1.2. Case Study: Overview of CRC 1280’s collaborative environment

CRC 1280 ‘Extinction Learning’, which is headed scientifically and organizationally by its elected spokesperson Prof. Dr. Dr. hc. Onur Güntürkün, aims to study the neural, behavioral, ontogenetic, and clinical mechanisms of extinction learning in various species. This is achieved through computational simulations as well as experimental test sessions with human or animal subjects, utilizing diverse measurement techniques such as microscopy, single-cell recording, magnetic resonance imaging, and questionnaires. As a result, multi-session and multi-modality data are measured and analyzed. Given the involvement of human subjects as well as clinical settings, data collection often entails sensitive information covered by the General Data Protection Regulation of the European Union (Regulation EU 2016/679).

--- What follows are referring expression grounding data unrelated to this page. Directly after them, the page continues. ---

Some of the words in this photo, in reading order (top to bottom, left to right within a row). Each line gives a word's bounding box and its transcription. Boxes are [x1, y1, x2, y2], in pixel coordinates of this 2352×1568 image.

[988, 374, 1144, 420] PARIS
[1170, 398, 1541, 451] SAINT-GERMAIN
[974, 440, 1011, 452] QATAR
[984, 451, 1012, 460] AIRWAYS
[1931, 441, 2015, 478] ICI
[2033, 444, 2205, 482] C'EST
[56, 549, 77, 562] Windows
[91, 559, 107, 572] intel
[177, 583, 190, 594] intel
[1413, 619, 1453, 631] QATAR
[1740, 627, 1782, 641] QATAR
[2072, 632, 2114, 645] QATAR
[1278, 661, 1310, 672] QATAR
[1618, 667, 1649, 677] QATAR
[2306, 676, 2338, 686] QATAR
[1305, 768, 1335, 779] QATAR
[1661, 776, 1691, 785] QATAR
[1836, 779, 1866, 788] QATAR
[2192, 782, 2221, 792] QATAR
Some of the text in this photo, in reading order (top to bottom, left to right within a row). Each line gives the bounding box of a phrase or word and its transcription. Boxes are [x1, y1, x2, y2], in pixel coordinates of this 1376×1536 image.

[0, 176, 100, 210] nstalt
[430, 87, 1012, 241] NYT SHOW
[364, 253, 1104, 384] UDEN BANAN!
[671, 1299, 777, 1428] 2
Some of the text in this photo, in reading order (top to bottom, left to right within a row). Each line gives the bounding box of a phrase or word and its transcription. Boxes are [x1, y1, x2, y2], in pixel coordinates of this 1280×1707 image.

Over the span of two consecutive funding phases (2017–2021, 2021–2025), the CRC has expanded to encompass 81 researchers from 18 scientific groups distributed across four different institutions (Ruhr University Bochum, University of Duisburg-Essen, Leibniz Research Centre for Working Environment and Human Factors at TU Dortmund University, and Philipps University of Marburg). Two of these groups, known as focus groups, have been strategically established to capitalize on data from streamlined experimental designs. Their main objective is to integrate internally shared data from the other CRC research groups to run large-scale analyses yielding comprehensive insights. However, a timely and efficient reuse is only possible if data is shared at an early stage of research within the CRC. Therefore, a strategy for sharing data within the CRC appeared indispensable, including the development of a common metadata schema.

1.3. Metadata solutions for interdisciplinary data sharing

Metadata-based solutions to promote early data sharing and reuse in collaborative, interdisciplinary settings are rare. CRC 1280, which involves not only neuroscience but also related disciplines such as medicine, biology, and psychology, did not have the opportunity to fall back on an established metadata schema in 2016. At the same time as the development of the CRC’s metadata schema, progress was made on discipline-specific RDM standards and metadata schemas. As of May 2024, FAIRsharing.org (Sansone et al., 2019) lists 66 standards with the subject ‘neuroscience’. However, discipline-specific standards are not yet widespread and in daily use, as a 2021 survey within the German neuroscience community shows, which still finds a perceived lack of standards for data and metadata in neuroscience (Klingner et al., 2023). A prominent standard for neuroimaging is the Brain Imaging Data Structure (BIDS), which was introduced in 2016 (Gorgolewski et al., 2016). It implements a hierarchical file and folder structure and naming scheme with highly detailed technical and experimental metadata that is stored using an inheritance strategy. Although BIDS is used in CRC 1280 for neuroimaging, a simple, easy-to-implement solution was additionally needed for improved interdisciplinary communication.

2. Development of metadata schema

2.1. Iterative process of metadata schema development

The primary objective behind creating a common CRC metadata schema was to facilitate cross-group communication about data at an early stage of the research, thereby fostering efficient collaborations. To this end, it had to be possible to integrate the schema into daily workflows with minimal additional effort for researchers, underlining the goal of a simple and practical metadata schema implementation. To enable cross-group data sharing on a practical level, the development of the metadata schema was accompanied by the setup of a central storage for the CRC, a network drive operated by the central university IT, as well as the adoption of a RDM policy (Pacharra et al., 2022).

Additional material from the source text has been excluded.